Exercise brief:
Transcribe every entry that follows, word for word, and omit the images.
++++++++++++++++++++
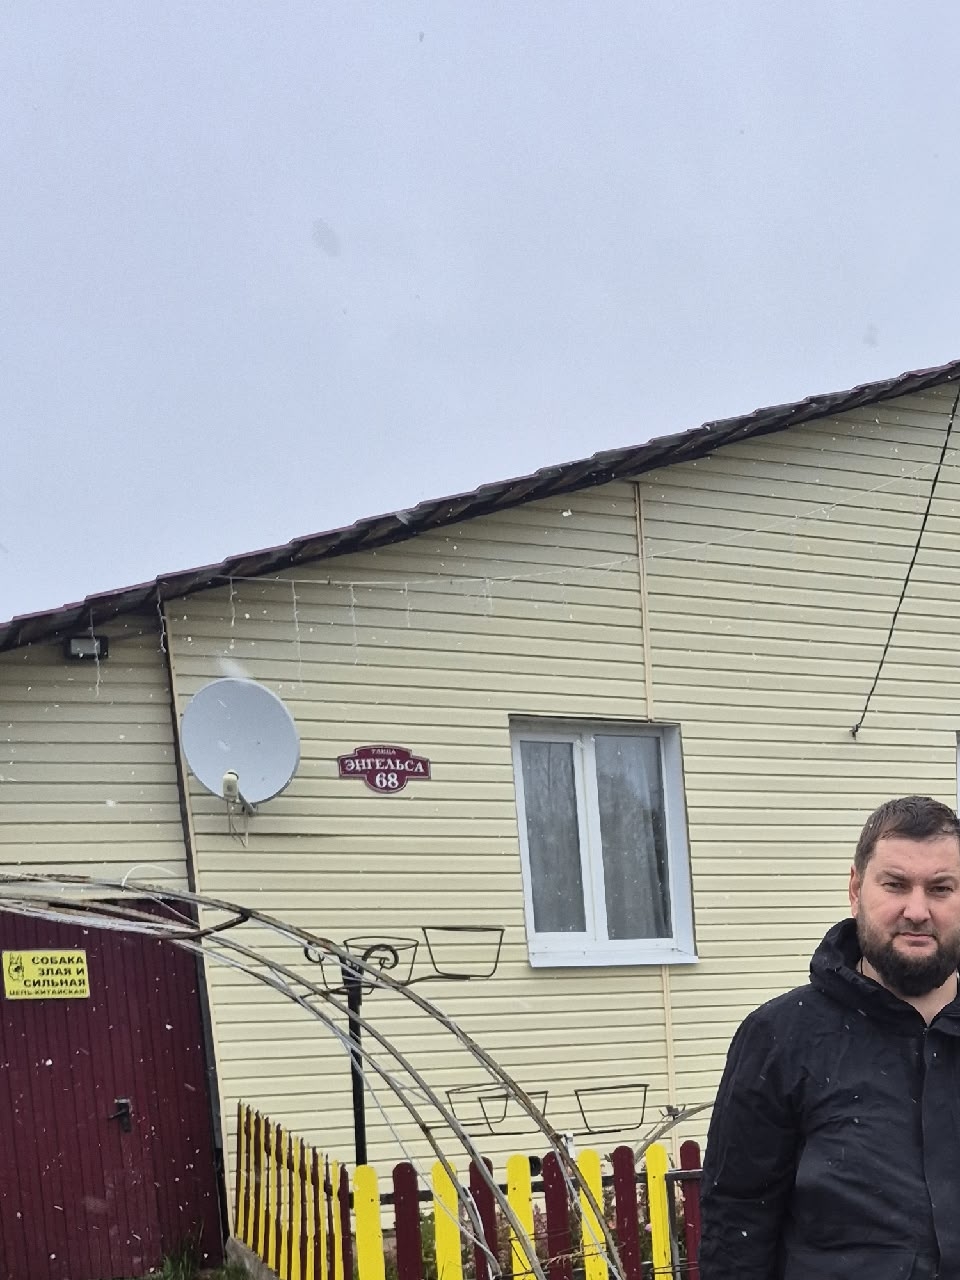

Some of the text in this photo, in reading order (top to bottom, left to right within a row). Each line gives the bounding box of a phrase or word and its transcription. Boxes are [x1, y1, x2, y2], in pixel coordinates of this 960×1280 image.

[344, 758, 425, 773] ЭНГЕЛЬСА
[375, 771, 399, 788] 68
[31, 956, 84, 965] СОБАКА
[38, 967, 85, 976] ЗЛАЯ И
[23, 979, 86, 988] СИЛЬНАЯ
++++++++++++++++++++
Response:
Some of the text in this photo, in reading order (top to bottom, left to right within a row). Each line gives the bounding box of a phrase or word and its transcription. Boxes are [x1, y1, x2, y2], in pixel coordinates of this 960×1280 image.

[344, 758, 425, 773] ЭНГЕЛЬСА
[375, 771, 399, 788] 68
[31, 956, 84, 965] СОБАКА
[38, 967, 85, 976] ЗЛАЯ И
[23, 979, 86, 988] СИЛЬНАЯ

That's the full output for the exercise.